The development of the impressionist movement evolved differently within California than the iterations of the genre in Europe and the eastern seaboard. With less focus on city life and social activities, the California artists focused almost exclusively on capturing the natural scenery around them. Their representational landscapes rarely reflected the presence of man, whether structures, roads, or other evidence, but rather presented the beauty of the land, the ruggedness of the coast, and verdant valleys with an almost reverential passion. While collectively they shared a common landscape, the California Impressionists, often referred to as plein air artists (painted in open air), individually demonstrated a wide variety of unique styles in their artistic approaches.
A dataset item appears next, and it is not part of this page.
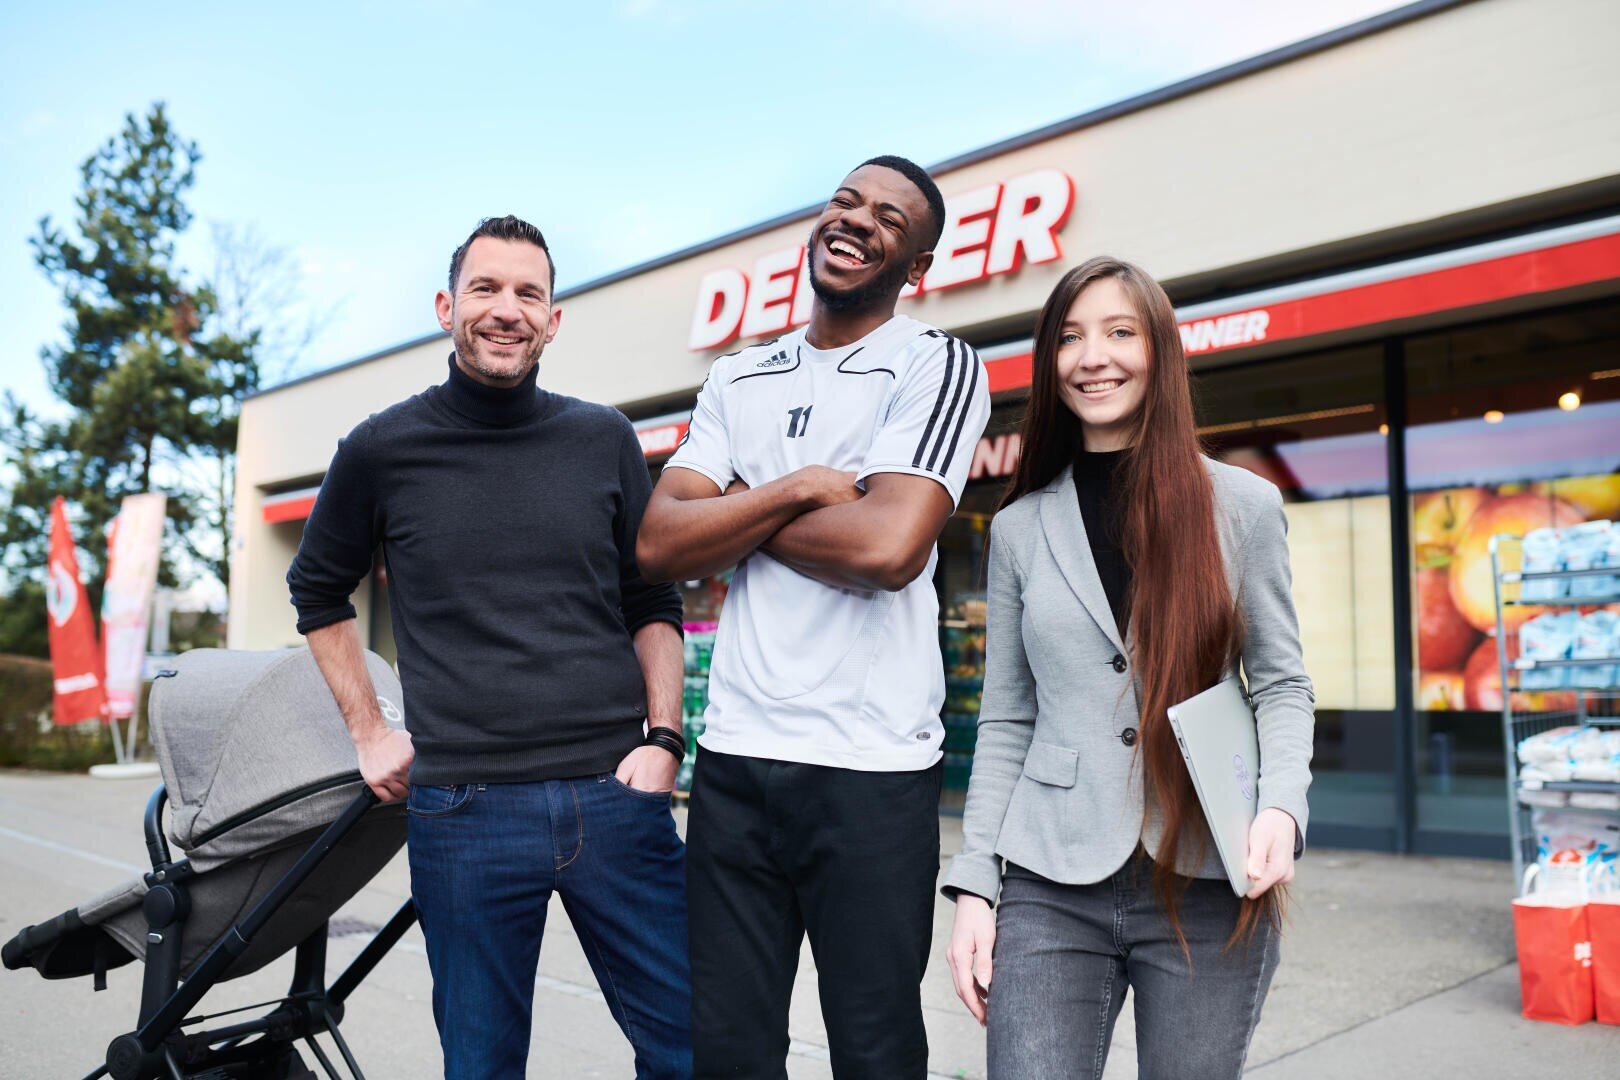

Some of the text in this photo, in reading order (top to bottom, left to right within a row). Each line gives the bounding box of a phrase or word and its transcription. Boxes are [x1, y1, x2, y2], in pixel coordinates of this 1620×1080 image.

[689, 168, 1075, 350] DEER
[1179, 310, 1269, 352] NNER
[786, 404, 813, 438] 11
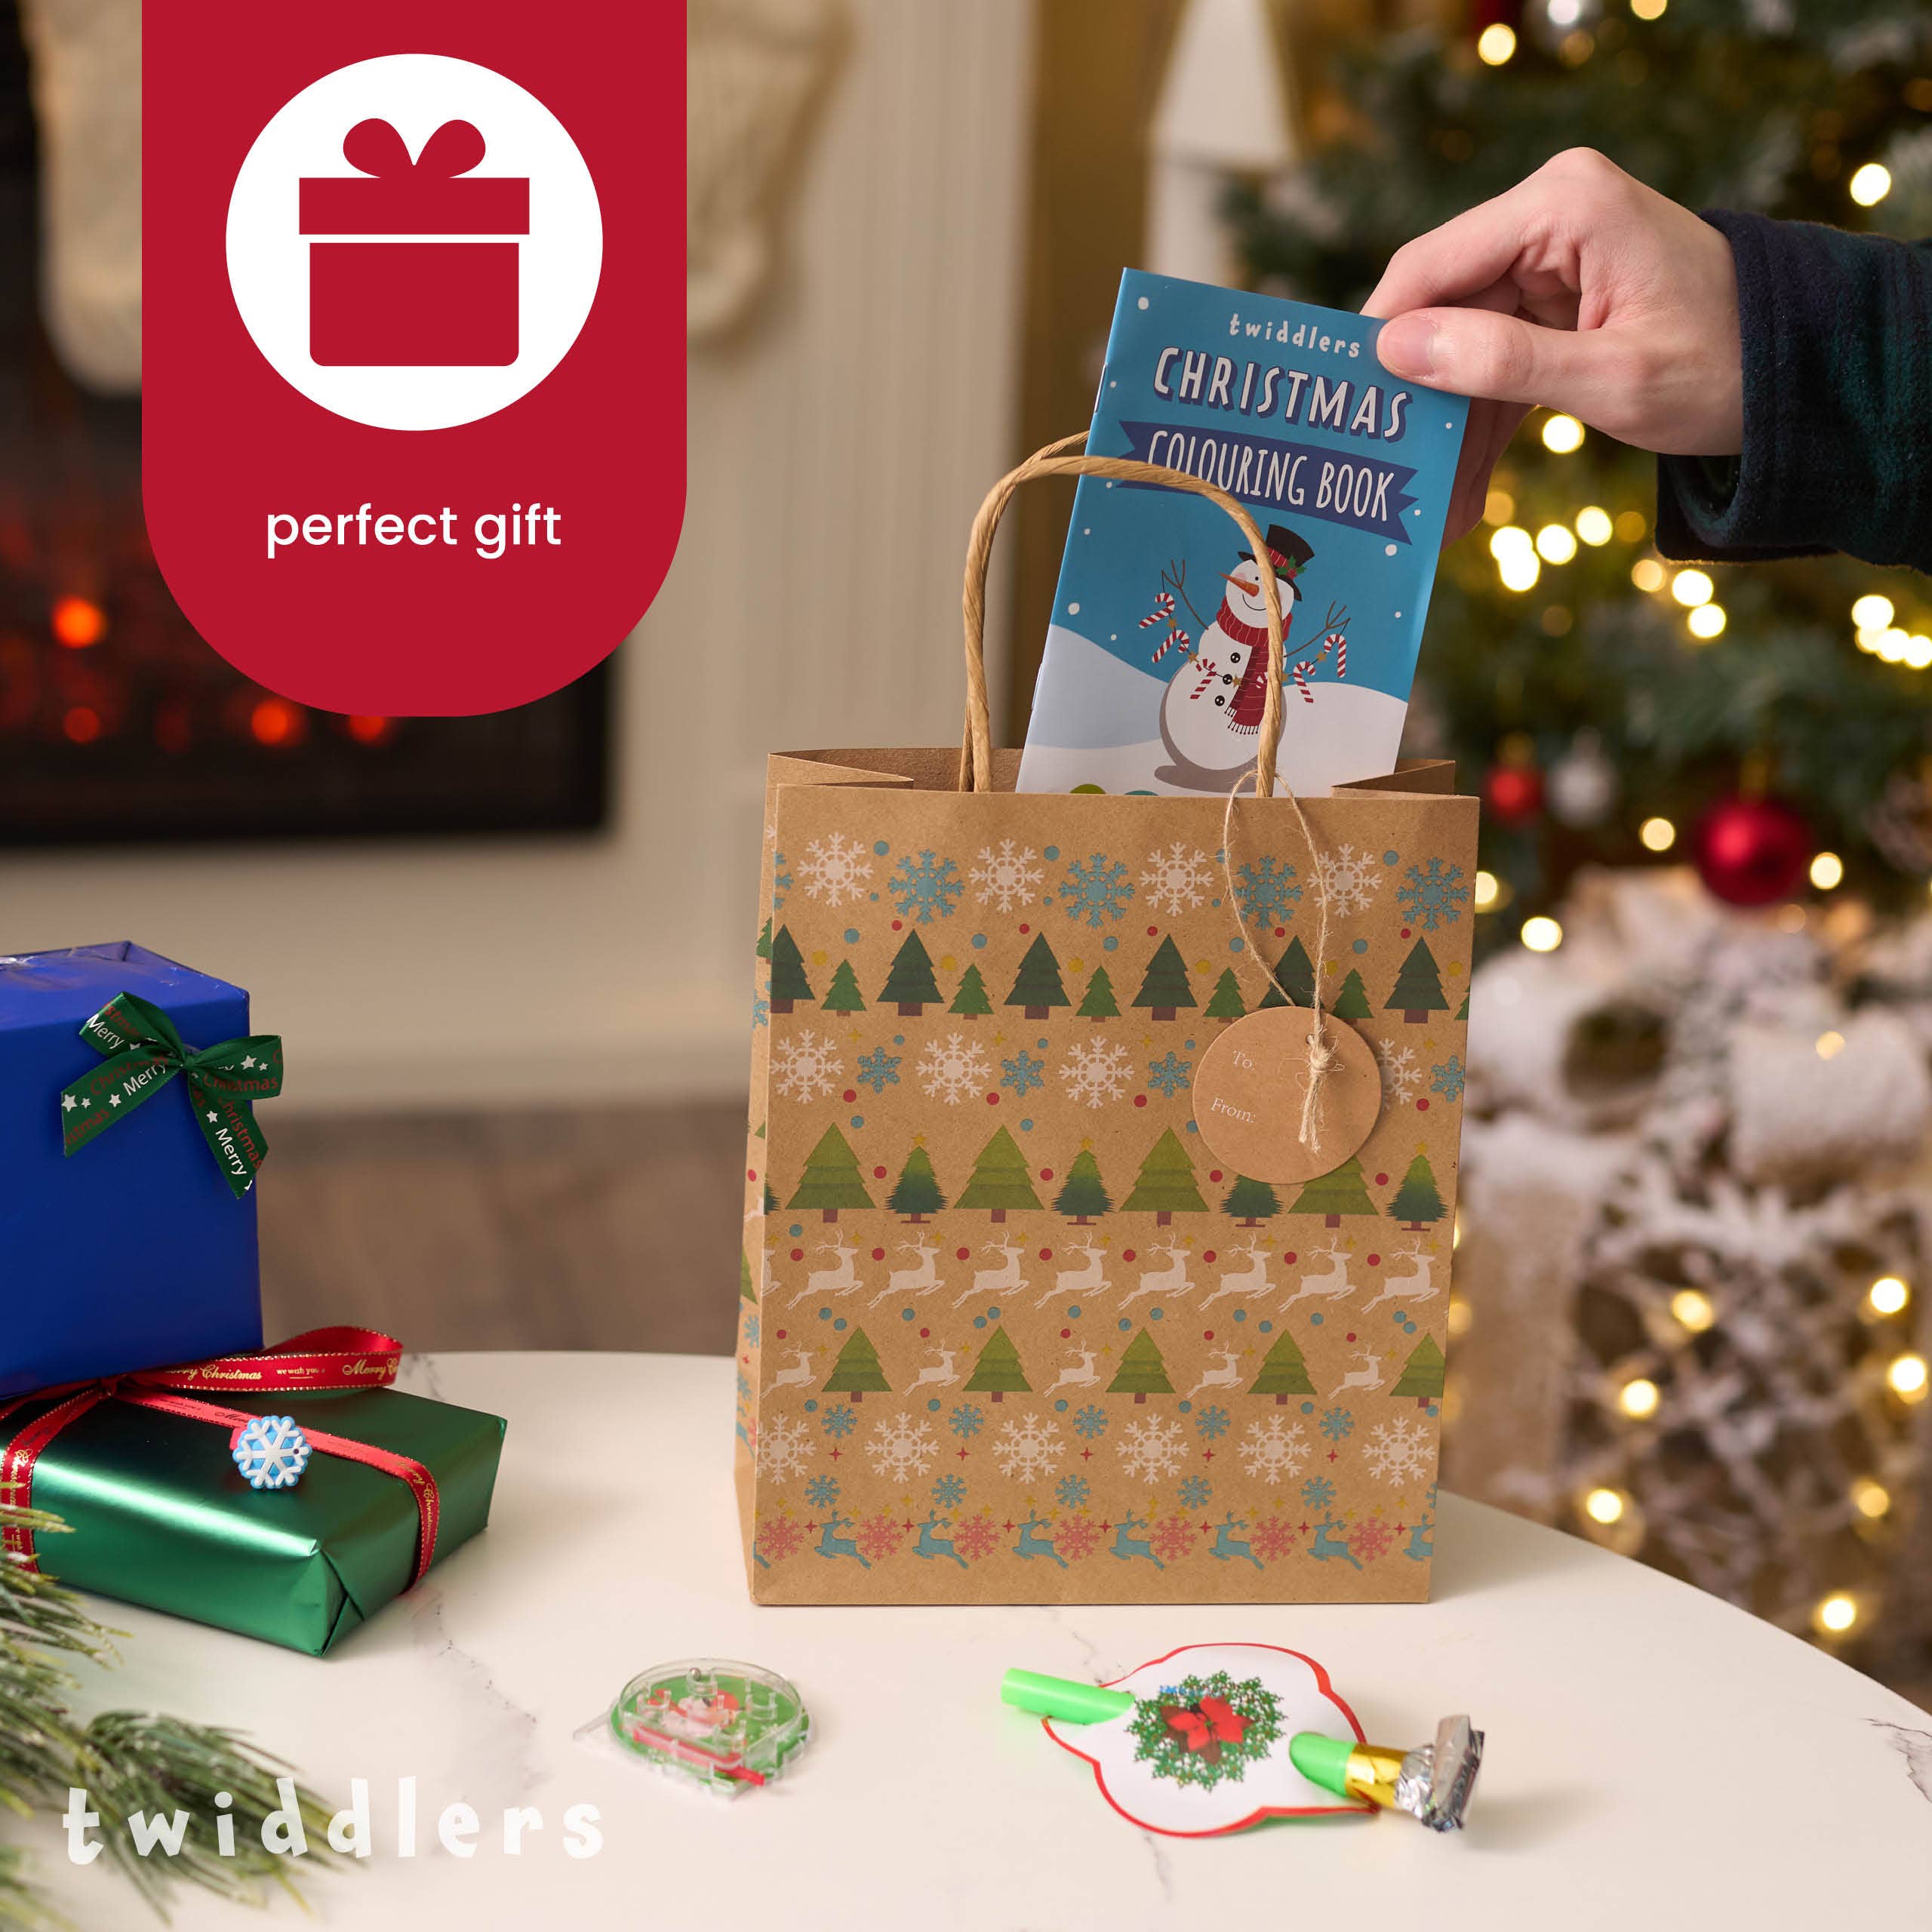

William Wendt, often described as the dean of Southern California artists, painted loosely constructed landscapes with masses of bright springtime greens and rich, autumn golds. Hansen Puthuff frequently painted near his La Crescenta home capturing the vegetated hills and mountains of the area often reflecting the soft haze that is so familiar to area residents. Maurice Braun conveyed the muted, pastel tones of the inland hills of San Diego County, while Frank Cuprien captured warmly golden sunsets reflected on the coastal water. Jean Mannheim used a loaded brush and broad masculine strokes to paint a wide variety of subjects, though he specialized in portraits, often of notables like King Gillette, Albert Einstein, and John Burroughs. Edgar Payne and Jack Williamson Smith both painted wonderful yet distinctly different scenes of the Sierras and the rocky coastlines in Orange County.
Generally considered two of the top artists of the time, Guy Rose demonstrated a delicate, feathery and subtly nuanced approach to his landscapes and garden portraits, while Granville Redmond produced radiant works of tonal coloration, luminescent nocturnes, yet was mostly known for vivid landscapes of green rolling hills studded with live oaks and colorful fields of brilliant poppies and lupines. All of these artists and others produced unique interpretations of the world around them, yet collectively they left a lasting legacy of the natural beauty and unspoiled landscape of Southern California in the early twentieth century.
Richard Reitzell is an art enthusiast, author and frequent lecturer, and currently serves on the Board of Directors of the California Museum of Art Thousand Oaks.